> [EXERCISE DESCRIPTION]: Give back every record below in full and exactly, but without a single image.

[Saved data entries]
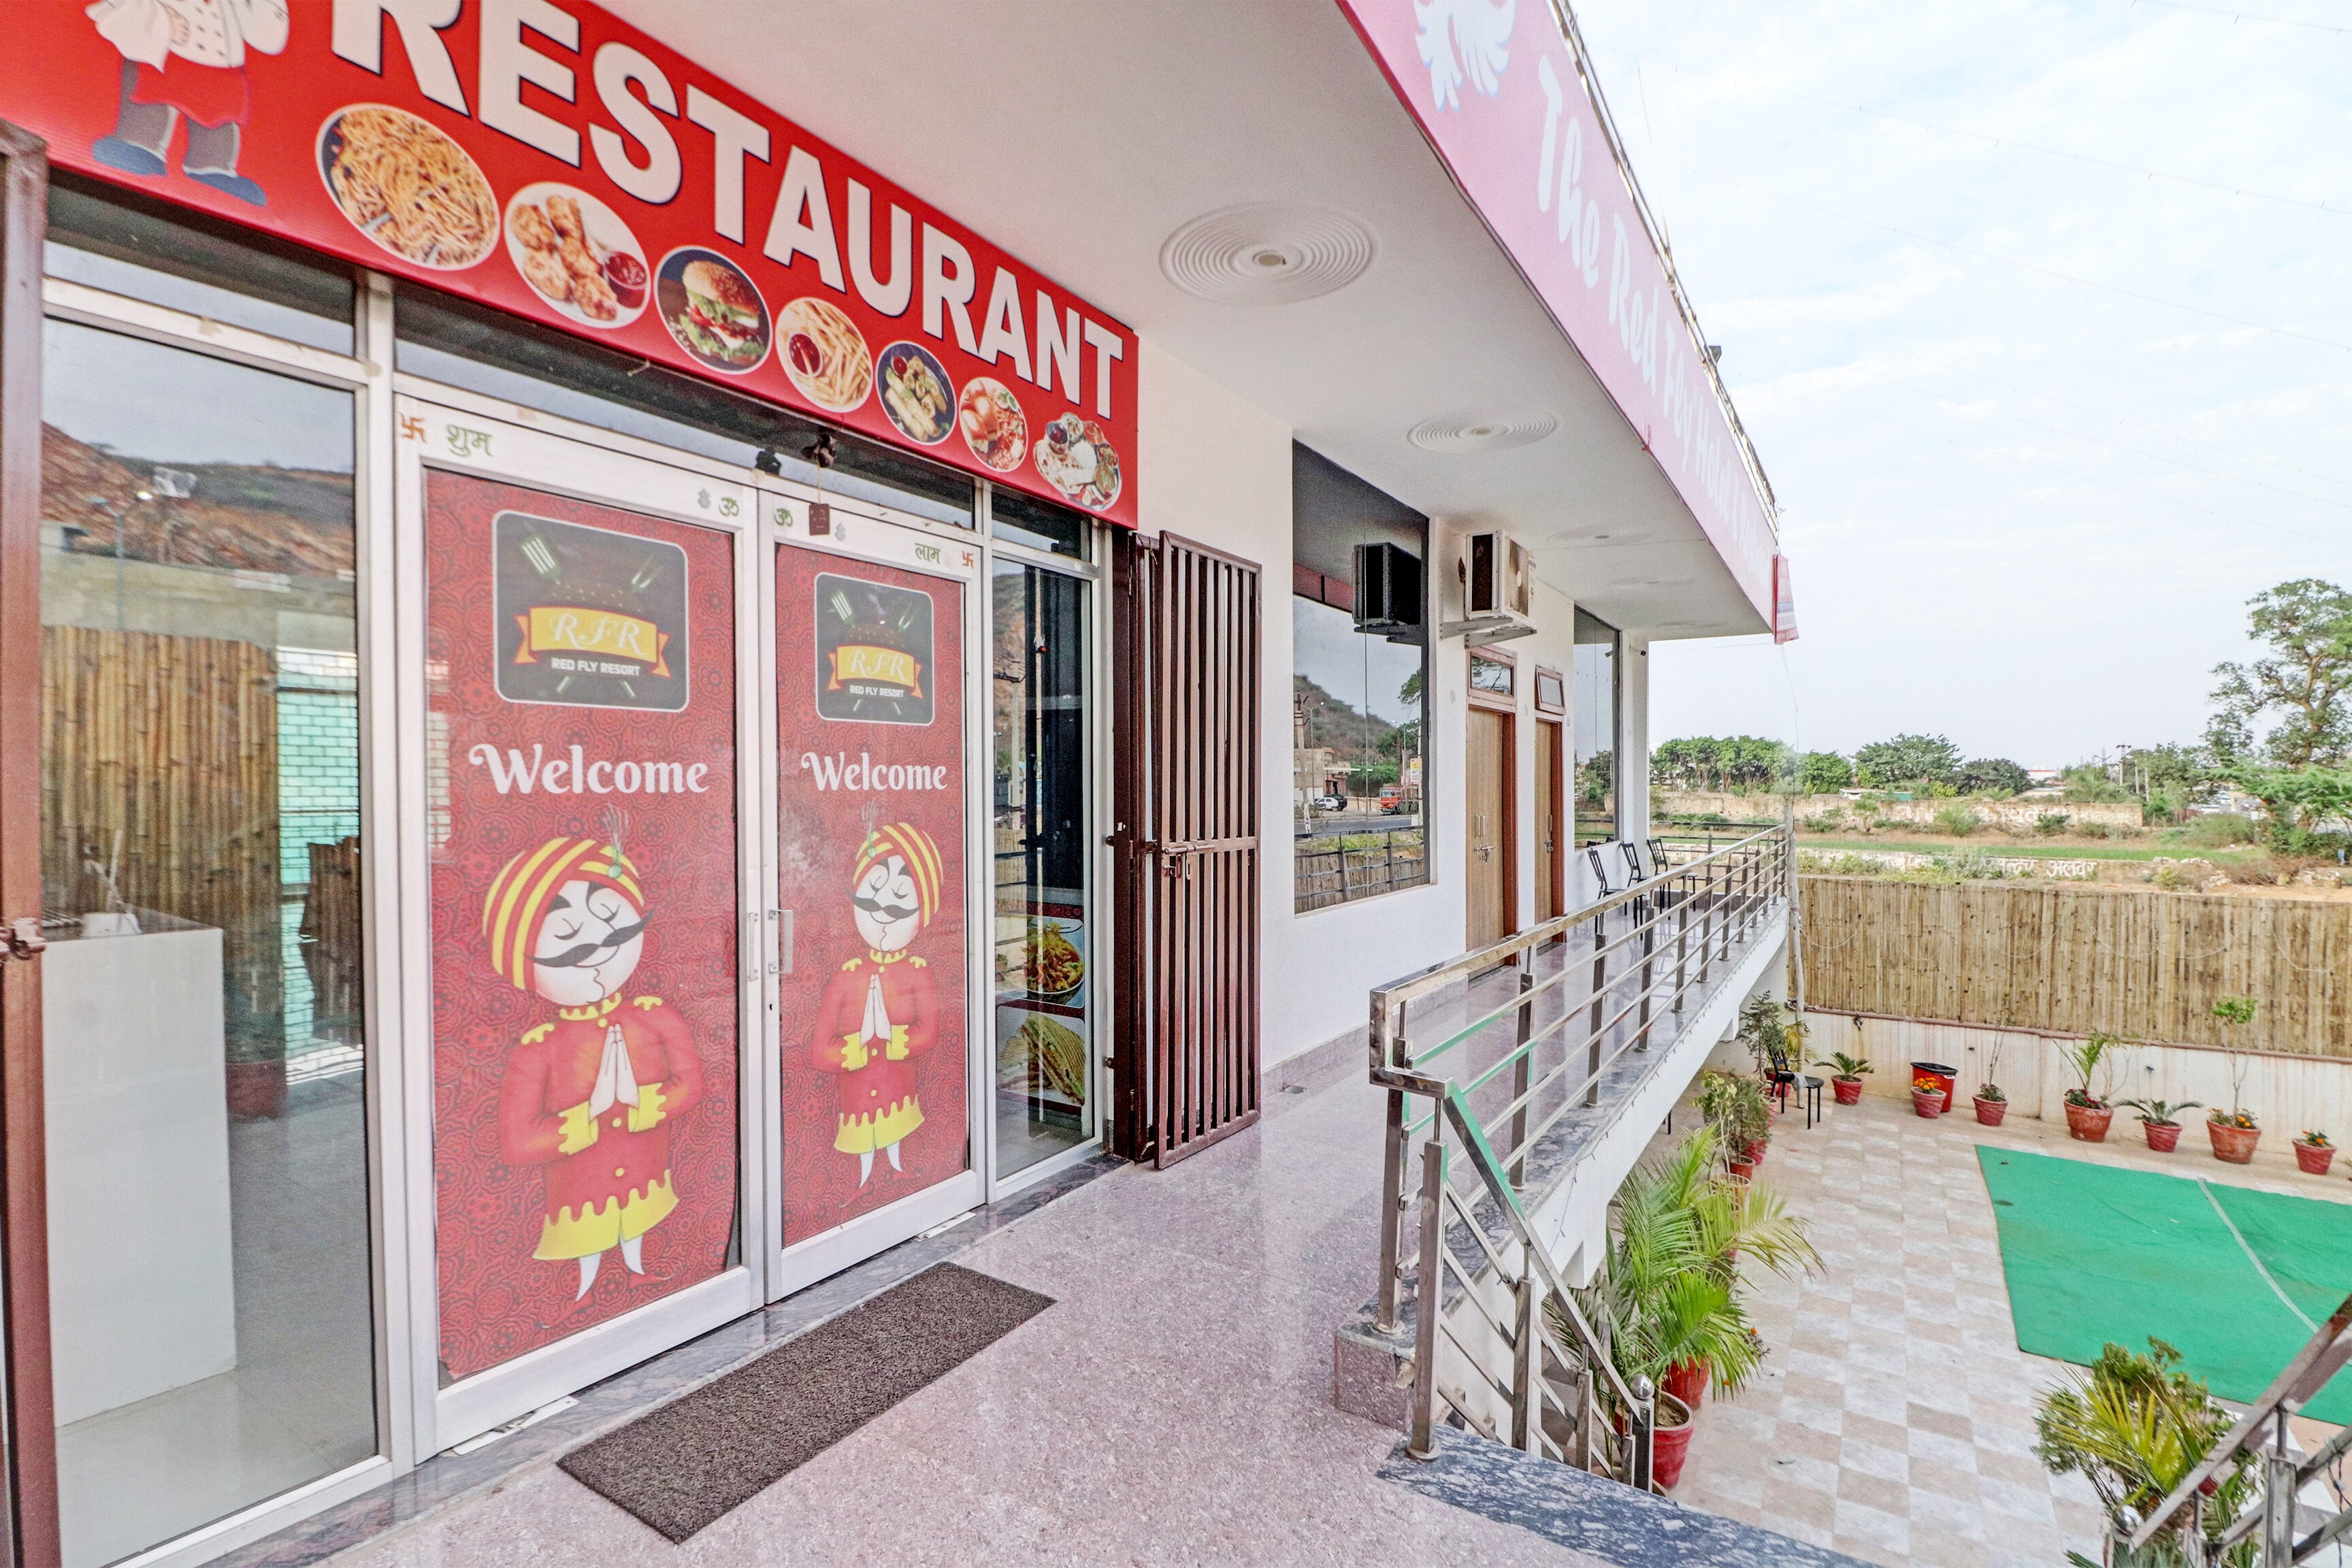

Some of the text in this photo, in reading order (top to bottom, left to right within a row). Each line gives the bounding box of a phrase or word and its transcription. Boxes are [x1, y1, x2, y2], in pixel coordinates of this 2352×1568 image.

[331, 0, 1124, 421] RESTAURANT
[1537, 53, 1601, 289] The
[1608, 212, 1658, 397] Red
[551, 657, 641, 676] RED FLY RESORT
[849, 685, 904, 698] RED FLY RESORT
[469, 744, 709, 796] Welcome
[801, 752, 948, 791] Welcome

> [TASK OUTPUT]:
Some of the text in this photo, in reading order (top to bottom, left to right within a row). Each line gives the bounding box of a phrase or word and its transcription. Boxes are [x1, y1, x2, y2], in pixel coordinates of this 2352×1568 image.

[331, 0, 1124, 421] RESTAURANT
[1537, 53, 1601, 289] The
[1608, 212, 1658, 397] Red
[551, 657, 641, 676] RED FLY RESORT
[849, 685, 904, 698] RED FLY RESORT
[469, 744, 709, 796] Welcome
[801, 752, 948, 791] Welcome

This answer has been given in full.